▸ **Work required**:
Without including any pictures, give back all of the data exactly.

(Beginning of Supplied records)

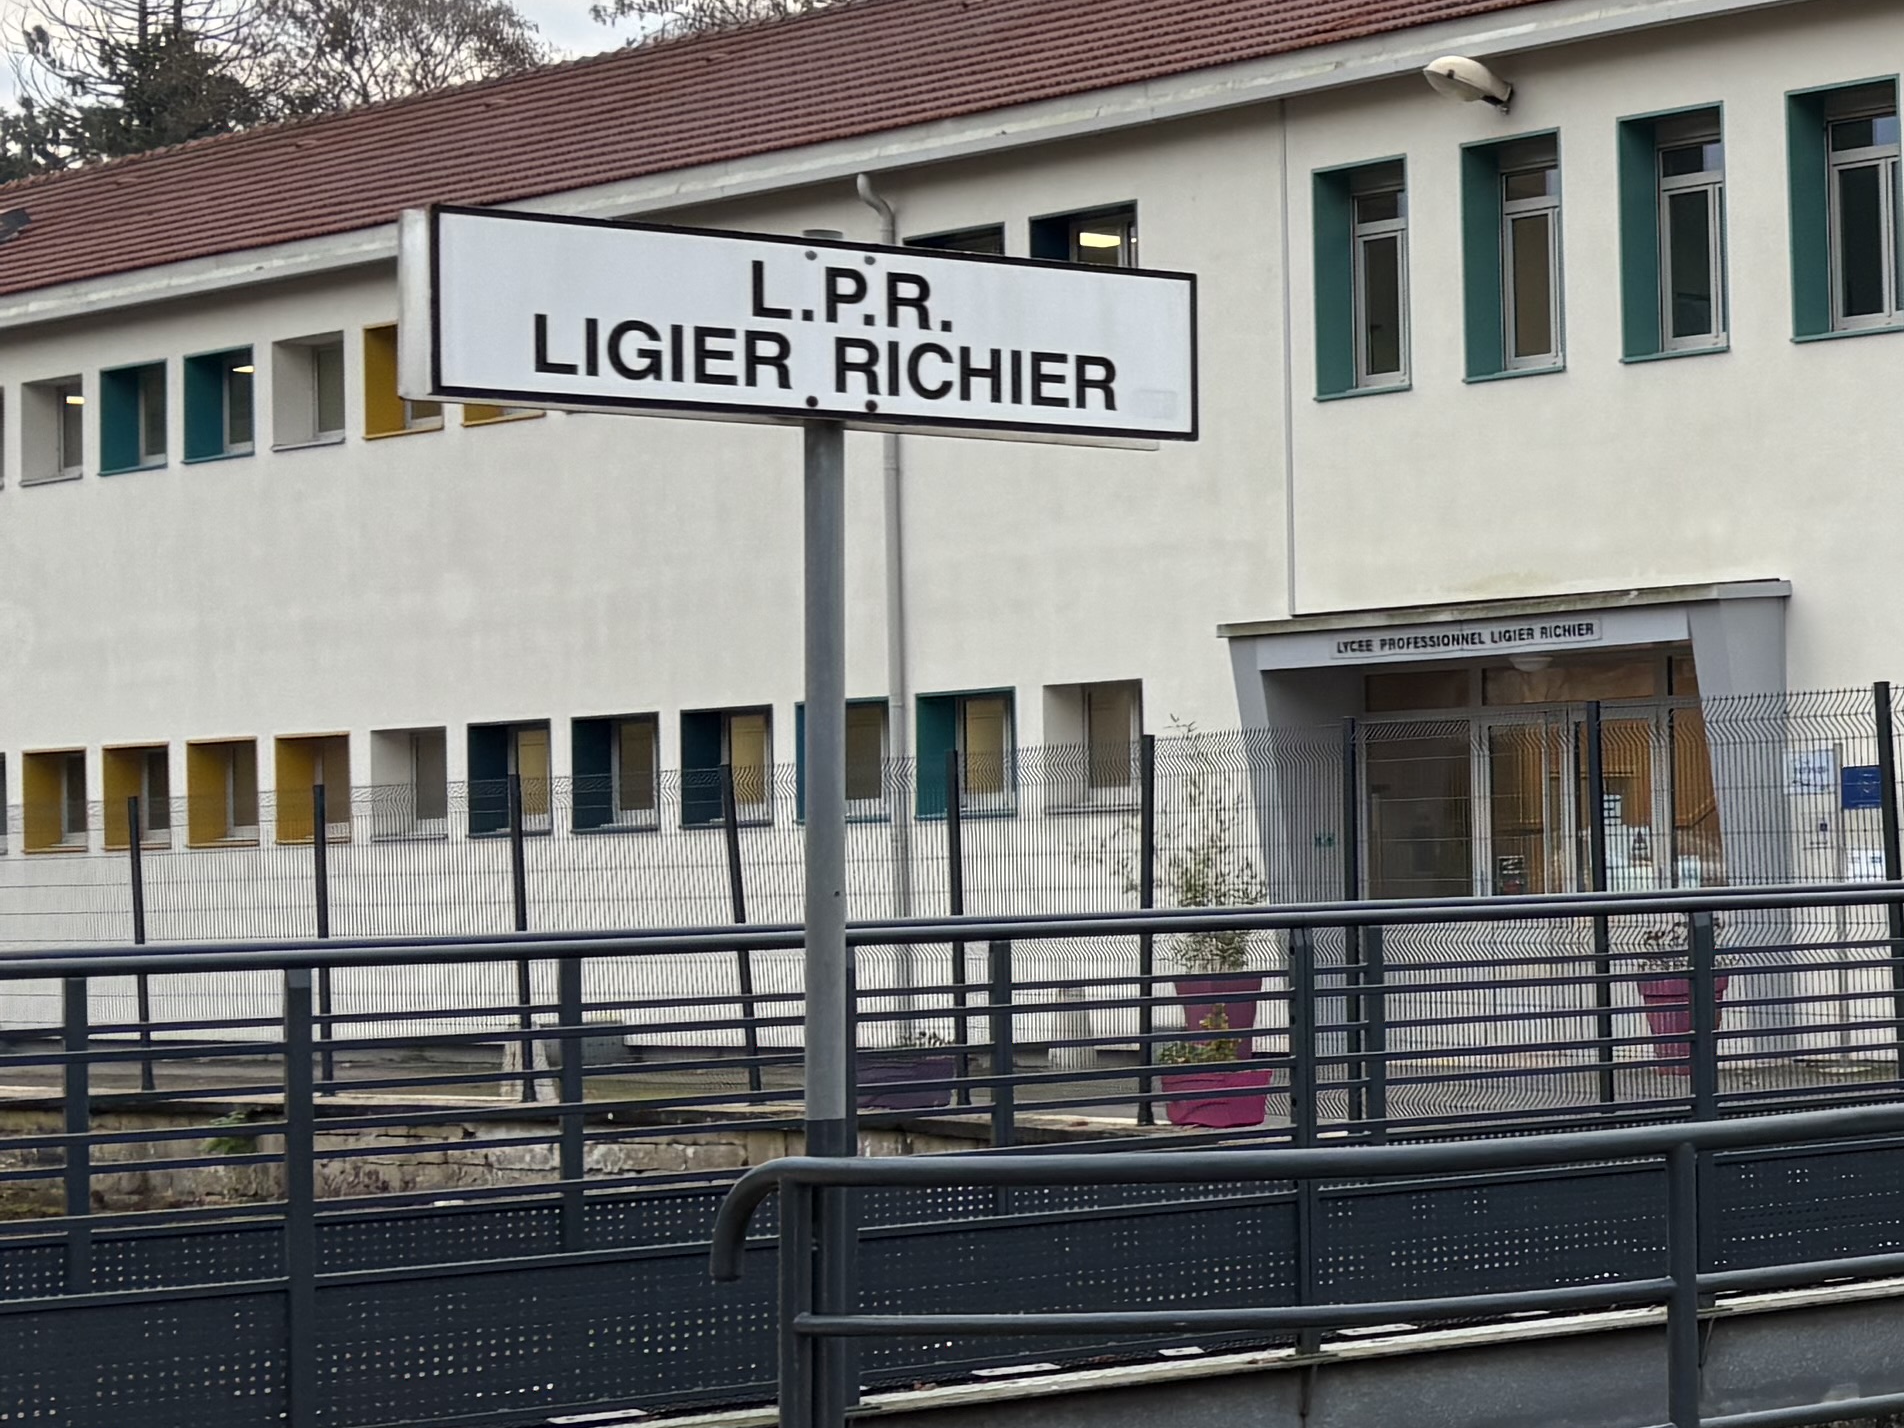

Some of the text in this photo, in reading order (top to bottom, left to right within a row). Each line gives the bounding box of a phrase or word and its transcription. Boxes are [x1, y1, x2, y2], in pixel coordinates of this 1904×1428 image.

[752, 258, 953, 335] L.P.R.
[534, 312, 1119, 412] LIGIER RICHIER
[1336, 622, 1594, 654] LYCEE PROFESSIONNEL LIGIER RICHIER
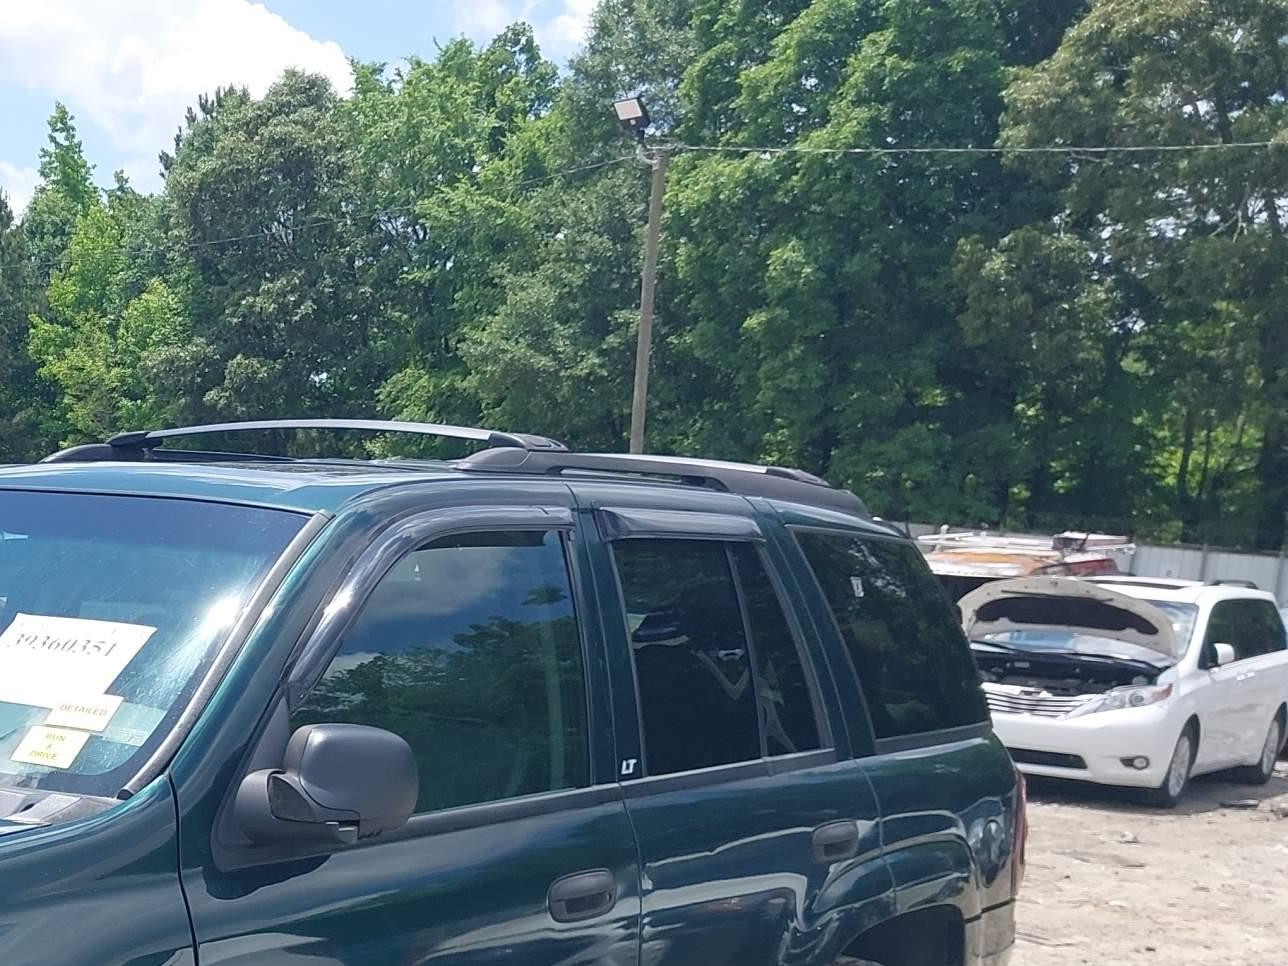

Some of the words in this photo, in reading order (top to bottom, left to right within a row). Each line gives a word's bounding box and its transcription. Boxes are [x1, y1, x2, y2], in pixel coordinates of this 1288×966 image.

[59, 703, 108, 717] DETAILED
[28, 750, 58, 761] DRIVE
[620, 758, 638, 775] LT
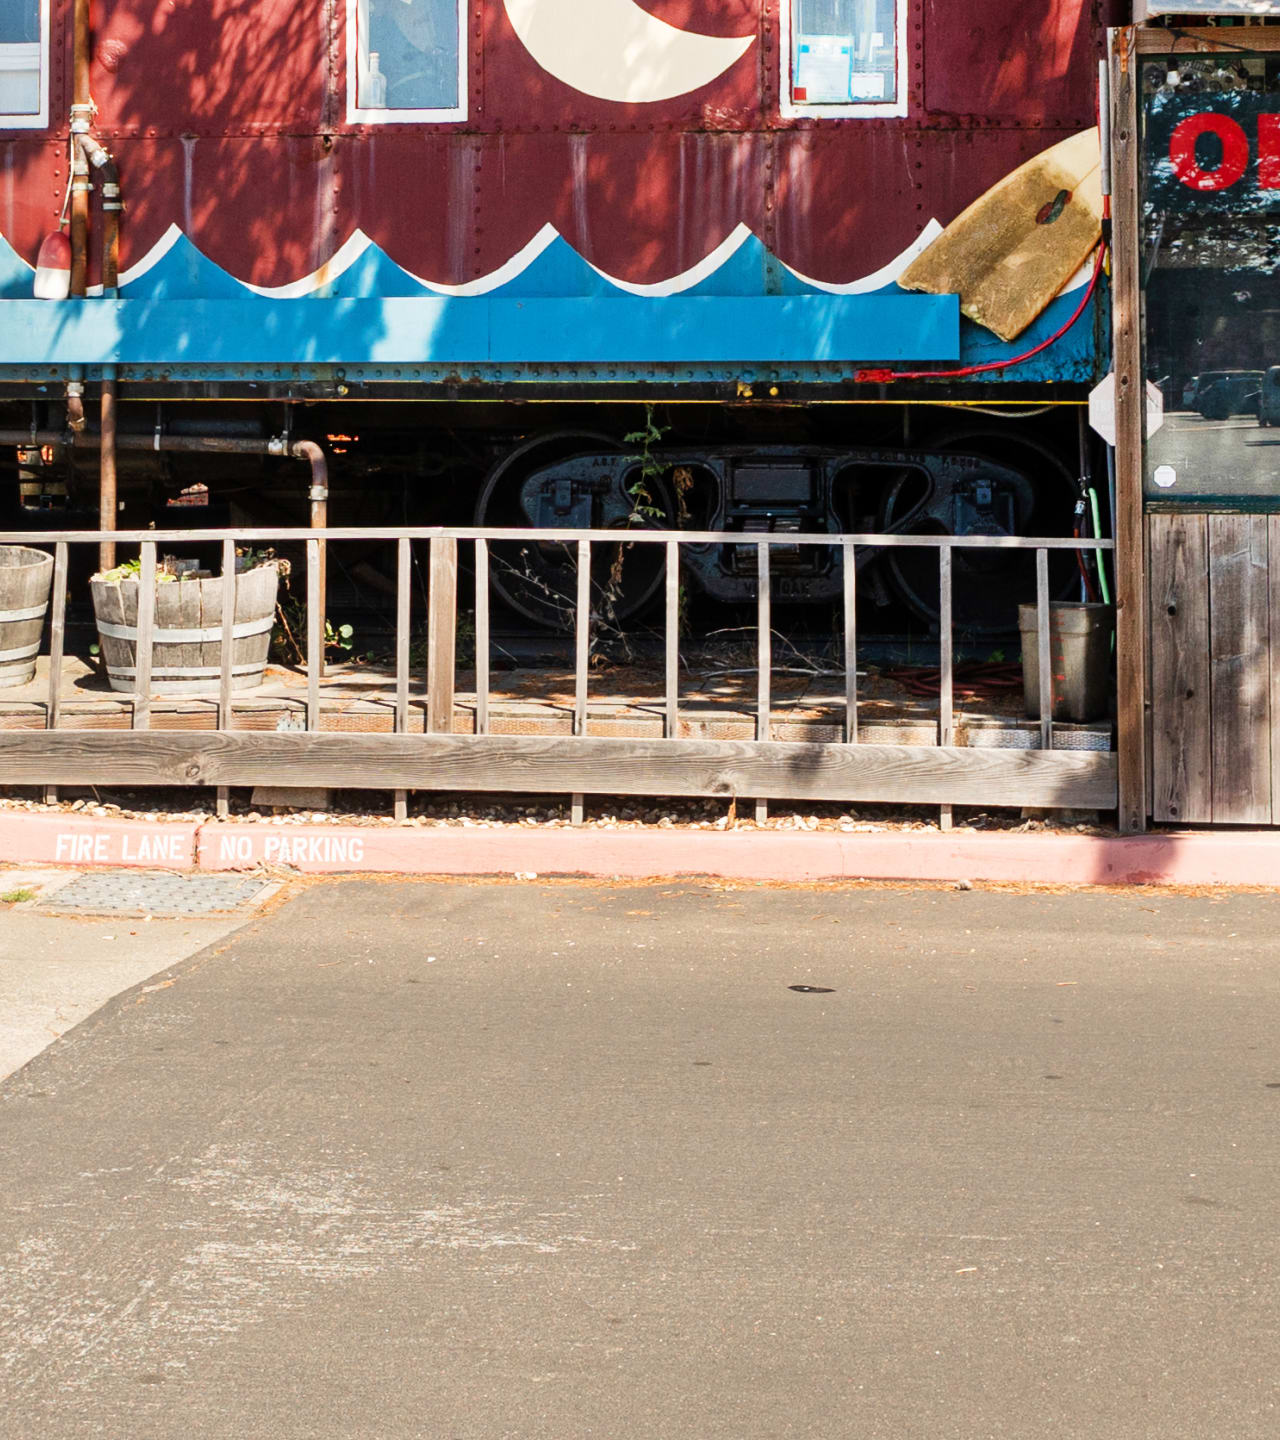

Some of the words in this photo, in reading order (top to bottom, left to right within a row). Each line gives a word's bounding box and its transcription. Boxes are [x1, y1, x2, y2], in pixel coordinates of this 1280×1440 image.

(End of Supplied records)

▸ **Response area**:
Some of the text in this photo, in reading order (top to bottom, left to right within a row). Each line gives the bounding box of a phrase or word and its transcription. Boxes are [x1, y1, x2, y2], in pixel coordinates of this 1904×1428 image.

[752, 258, 953, 335] L.P.R.
[534, 312, 1119, 412] LIGIER RICHIER
[1336, 622, 1594, 654] LYCEE PROFESSIONNEL LIGIER RICHIER

Some of the words in this photo, in reading order (top to bottom, left to right within a row). Each line gives a word's bounding box and its transcription. Boxes are [x1, y1, x2, y2], in pixel coordinates of this 1288×966 image.

[59, 703, 108, 717] DETAILED
[28, 750, 58, 761] DRIVE
[620, 758, 638, 775] LT

Some of the words in this photo, in reading order (top to bottom, left to right within a row). Each line gives a word's bounding box and its transcription. Boxes are [x1, y1, x2, y2], in pixel coordinates of this 1280×1440 image.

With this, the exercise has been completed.